Content starts
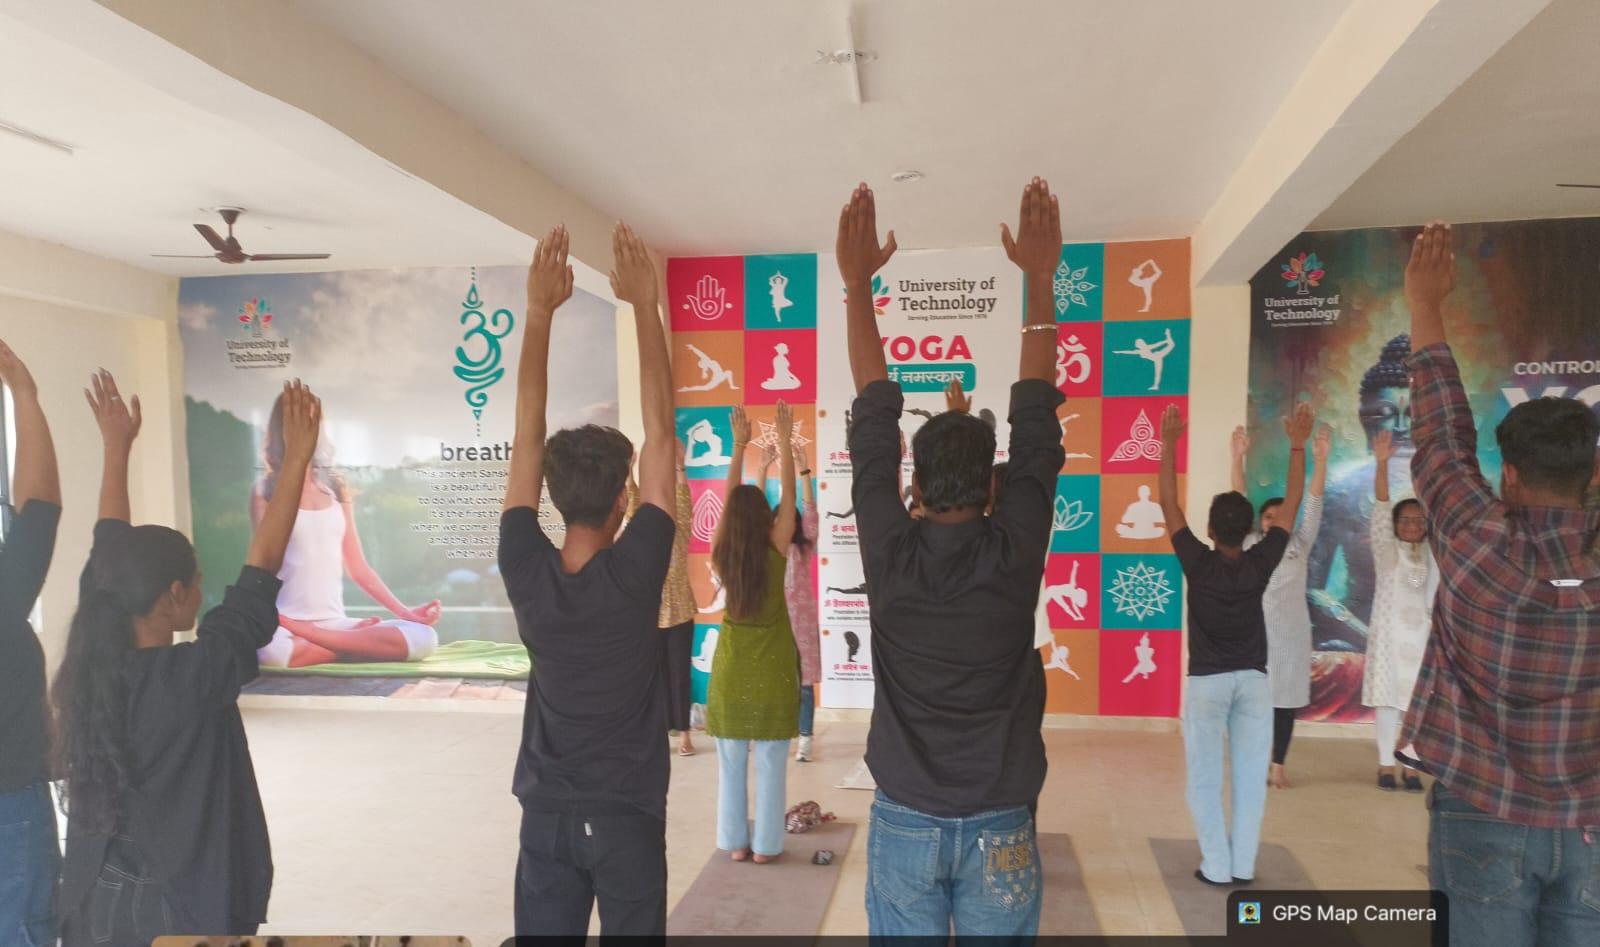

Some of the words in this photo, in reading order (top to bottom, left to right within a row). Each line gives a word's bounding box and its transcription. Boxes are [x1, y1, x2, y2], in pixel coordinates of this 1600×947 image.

[899, 278, 976, 294] University
[980, 276, 996, 291] of
[899, 296, 997, 312] Technology
[1264, 296, 1325, 307] University
[1327, 295, 1340, 305] of
[1264, 308, 1341, 321] Technology
[226, 339, 276, 350] University
[279, 337, 288, 348] of
[228, 351, 291, 364] Technology
[901, 371, 965, 384] नमस्कार
[441, 442, 513, 461] breath
[439, 470, 477, 478] ancient
[480, 469, 508, 478] Sansk
[450, 483, 495, 491] beautiful
[418, 497, 429, 505] to
[432, 497, 445, 505] do
[447, 497, 474, 505] what
[446, 510, 465, 518] the
[466, 510, 487, 518] first
[411, 523, 439, 531] when
[429, 536, 449, 544] and
[450, 536, 468, 544] the
[470, 536, 489, 544] last
Content ends
Give back the records above exactly, with no pictures.

Some of the words in this photo, in reading order (top to bottom, left to right within a row). Each line gives a word's bounding box and its transcription. Boxes are [x1, y1, x2, y2], in pixel coordinates of this 1600×947 image.

[899, 278, 976, 294] University
[980, 276, 996, 291] of
[899, 296, 997, 312] Technology
[1264, 296, 1325, 307] University
[1327, 295, 1340, 305] of
[1264, 308, 1341, 321] Technology
[226, 339, 276, 350] University
[279, 337, 288, 348] of
[228, 351, 291, 364] Technology
[901, 371, 965, 384] नमस्कार
[441, 442, 513, 461] breath
[439, 470, 477, 478] ancient
[480, 469, 508, 478] Sansk
[450, 483, 495, 491] beautiful
[418, 497, 429, 505] to
[432, 497, 445, 505] do
[447, 497, 474, 505] what
[446, 510, 465, 518] the
[466, 510, 487, 518] first
[411, 523, 439, 531] when
[429, 536, 449, 544] and
[450, 536, 468, 544] the
[470, 536, 489, 544] last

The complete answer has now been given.